La Scrittura, quando letta e interpretata nella fede, è rivelazione di Dio all’uomo e dell’uomo a se stesso. Nella Scrittura, lì dove essa è rivelazione che Dio fa dell’uomo all’uomo, troviamo anche le patologie dell’umanità: sia quelle che feriscono i rapporti dell’uomo con gli altri uomini, o con il creato; sia quelle che feriscono il rapporto dell’uomo con Dio.

Il rapporto uomo-Dio
Un esempio di quest’ultimo caso è dato dal versetto che precede quello con cui inizia la prima lettura di questa domenica: «Non corromperlo [Dio] con doni, perché non li accetterà, e non confidare in un sacrificio ingiusto» (Sir 35,14-15). Il Siracide ammonisce il credente che a nulla vale cercare di ingannare Dio. Egli non si lascia comprare da doni; non si lascia sedurre da un culto che offra qualcosa che non rispecchi la giustizia della vita. In termini moderni potremmo dire: Dio non apprezza un culto che dissoci rito e vita.
Il rapporto con Dio si dà nella verità. Nel giudicare, Dio osserva la vita nella sua sostanza, imparzialmente (cf Sir 35,15).
Per certi versi si potrebbe dire che nella sua giustizia Dio ha comunque delle preferenze: predilige il povero e l’umile; gli ultimi, coloro che non contano davanti agli uomini (cf Sir 35, 17;21).

Dalla vita alla preghiera
A questa attenzione alla sostanza della vita si rifà l’inizio del Vangelo di oggi che, insieme con la conclusione, è la prospettiva dalla quale leggere e interpretare la parabola narrata. Il testo è la continuazione della catechesi sulla preghiera già iniziata domenica scorsa sulla necessità di pregare sempre e fiduciosamente.  La parabola del fariseo e del pubblicano aggiunge che la preghiera, per essere vera, richiede un’opportuna disposizione interiore. I due atteggiamenti, presunzione di giustizia e disprezzo  del prossimo (cf Lc 18,9), si accompagnano non accidentalmente. Non vera giustizia, ma presunzione di essa; e chi presume di sé, si erge a giudice degli altri, almeno perché non conosce se stesso. Chiunque conosca bene se stesso sa che ha ben poco da giudicare.

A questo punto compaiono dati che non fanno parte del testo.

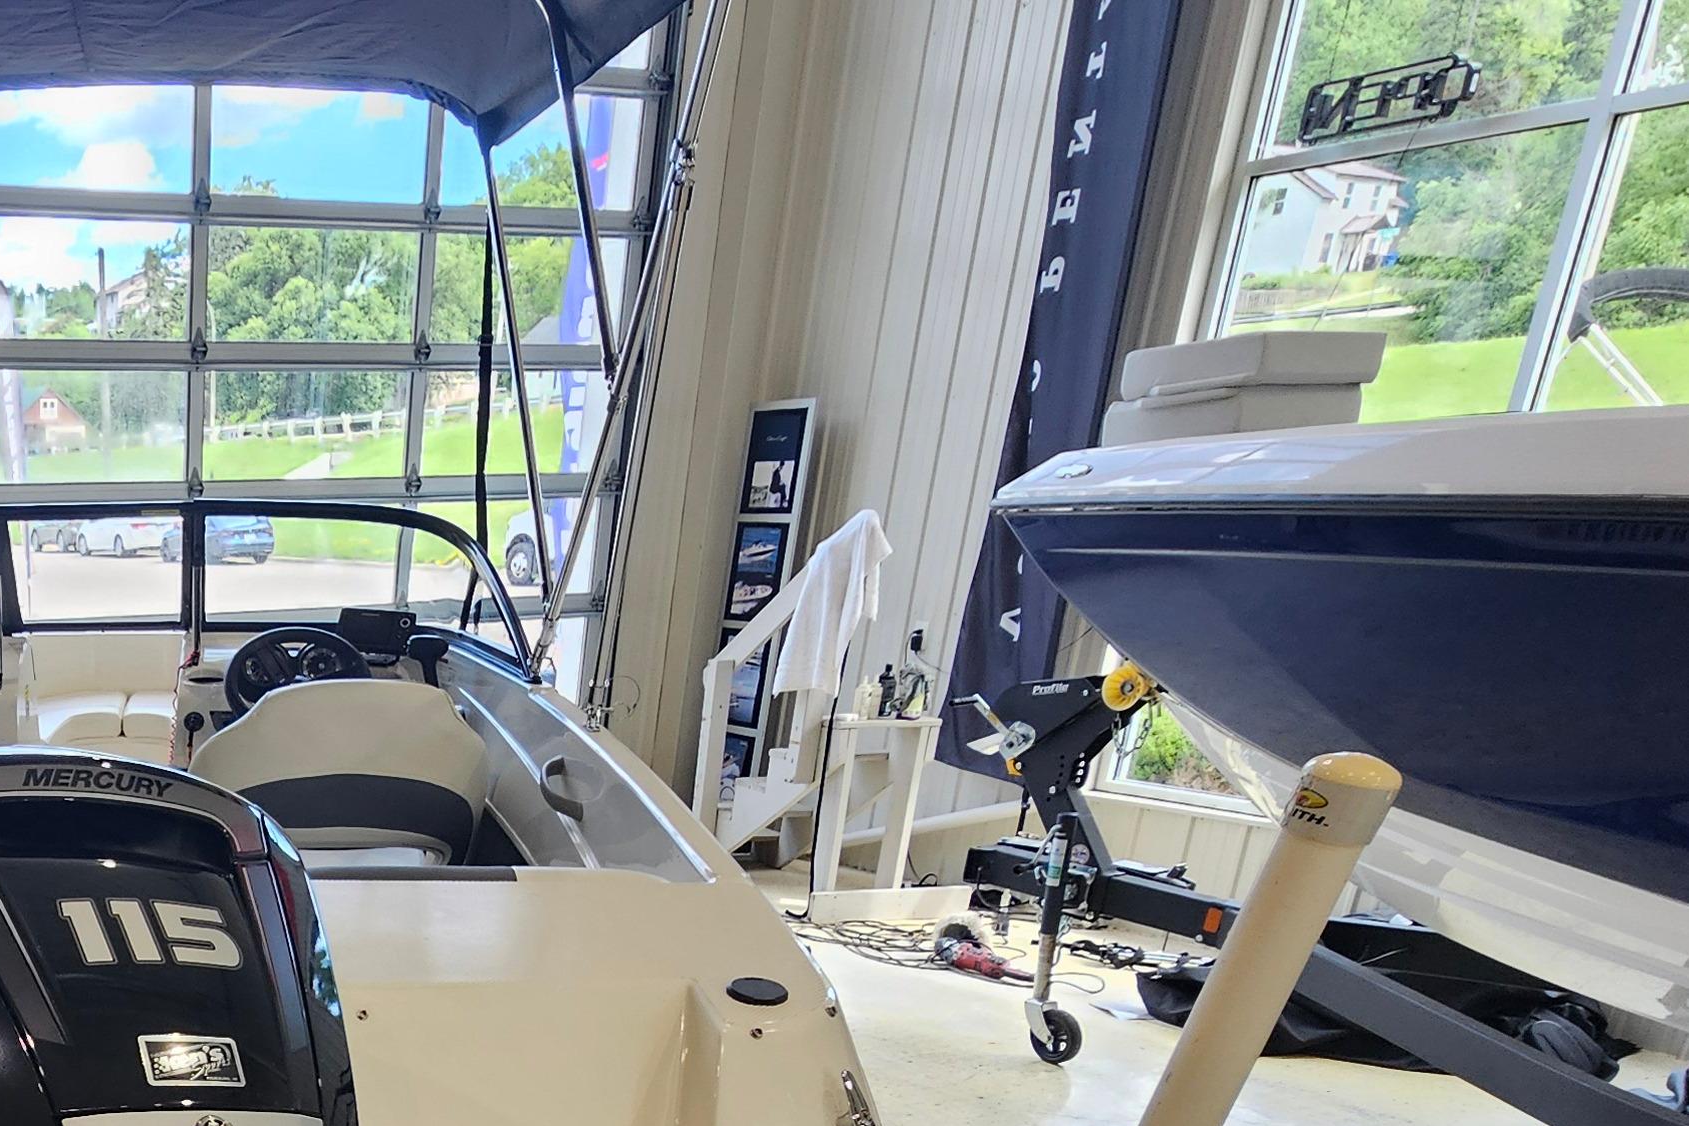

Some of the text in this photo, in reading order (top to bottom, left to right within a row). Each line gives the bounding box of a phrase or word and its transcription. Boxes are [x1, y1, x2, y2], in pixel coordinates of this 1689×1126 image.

[22, 768, 173, 798] MERCURY
[1292, 808, 1326, 826] ITH
[56, 898, 243, 971] 115
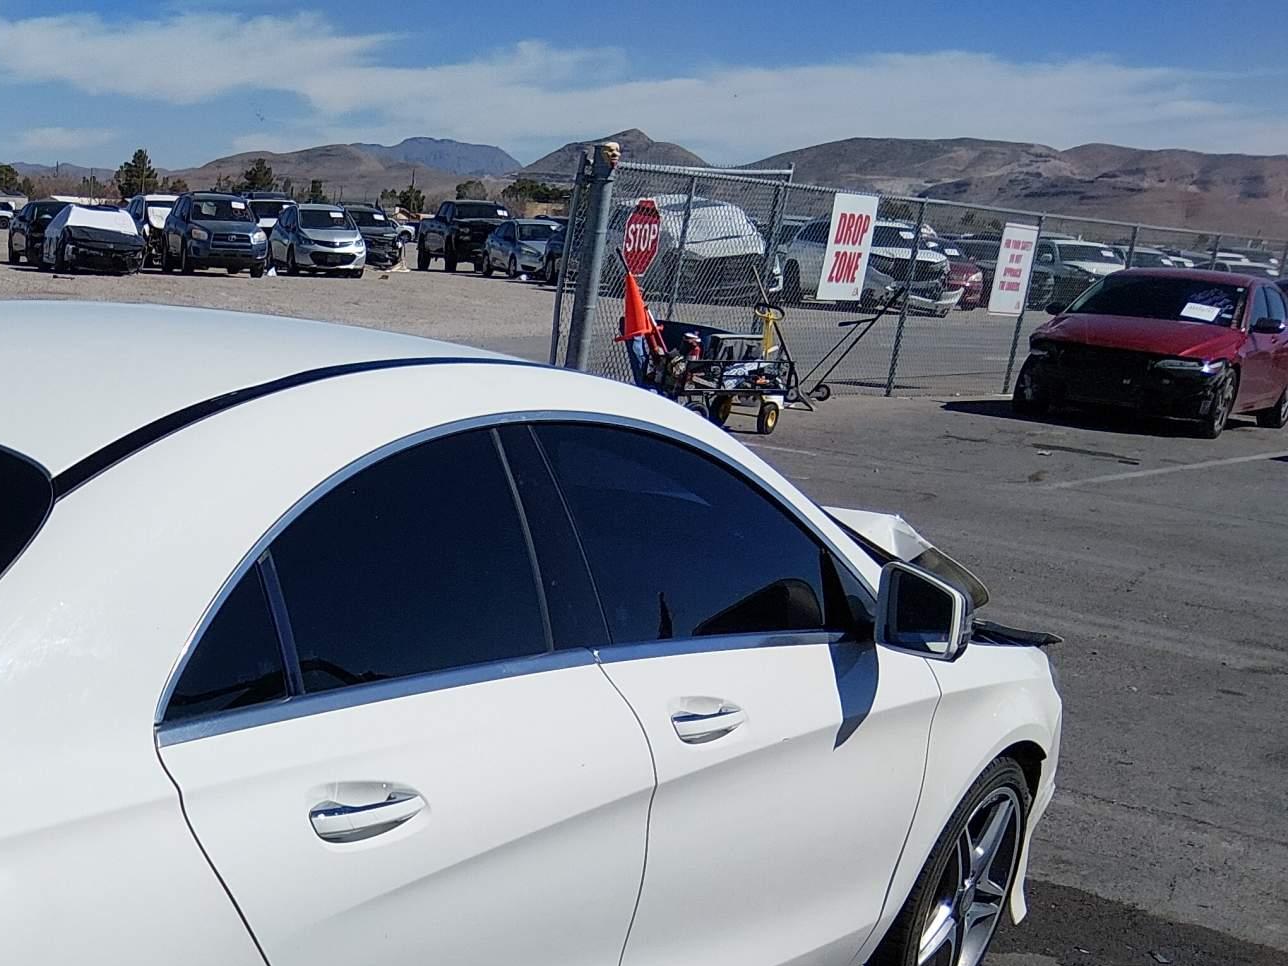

Fariseo e pubblicano: atteggiamenti del corpo
La parabola del fariseo e del pubblicano richiama e sviluppa l’ultimo versetto del vangelo della scorsa settimana (cf Lc 18,8). La fede implica il rapporto con Dio, con se stessi e con gli altri. La preghiera non può che essere continuazione e conferma  di questo rapporto, sano o patologico che sia.
Fariseo e pubblicano rappresentano plasticamente due atteggiamenti che si esprimono sia con il corpo sia con le parole. L’atteggiamento del corpo del fariseo (cf Lc 18,11) è quello dell’autosufficienza, e la sua preghiera è autoreferenziale. Dio, nel pregare del fariseo, è un accidente. Uomo pio e ben istruito, inizia, certamente, con una benedizione, ma essa è solo l’avvio di un fastidioso monologo che al centro non ha Dio, bensì il pronome «io». Dio è mero spettatore delle prestazioni religiose del fariseo. Il suo atteggiamento esprime un radicale narcisismo, incapace di un io onesto e solidale. Le parole infatti,  a partire dalla lode a Dio, scivolano nell’esaltazione di sé nel confronto con gli altri, meno meritori. Il fariseo non è un personaggio: è un tipo. È il tipo dell’esibizionista religioso, non certo dell’uomo di fede.
Il pubblicano, invece,  è descritto come spaesato nel contesto. Sta con gli occhi bassi, si batte il petto, si ferma a distanza, consapevole della propria indegnità. Anche il pubblicano  è un tipo: chi è degno di stare al cospetto del Santo,  se non per benevolenza?

Fariseo e pubblicano: le parole
Le parole dei due protagonisti rivelano il loro cuore. Il fariseo vanta una vita corretta, addirittura supererogatoria rispetto alla legge in fatto di digiuno e decime. Eppure questo inventario di meriti, elencato soprattutto nel confronto con gli altri (cf Lc 18,11), fa del fariseo il perfetto tipo dell’ateo: è talmente narcisista che non ha bisogno di Dio; prega per elogiarsi; per lui la salvezza è ricompensa, non dono.
Il pubblicano, invece, riconosce la propria povertà, la propria indigenza radicale, quella che muove la preghiera che, secondo il già citato Sir 35,21, viene ascoltata dal Signore. Consapevole del proprio peccato prega, diversamente dal fariseo, rivolgendosi a Dio, perché da lui, con l’ammissione del proprio peccato, invoca il perdono, e attende – non pretende – la salvezza (cf Lc 18,14). Del fariseo Gesù non biasima la vita, ma la superbia. Del pubblicano non elogia la vita, ma l’umiltà.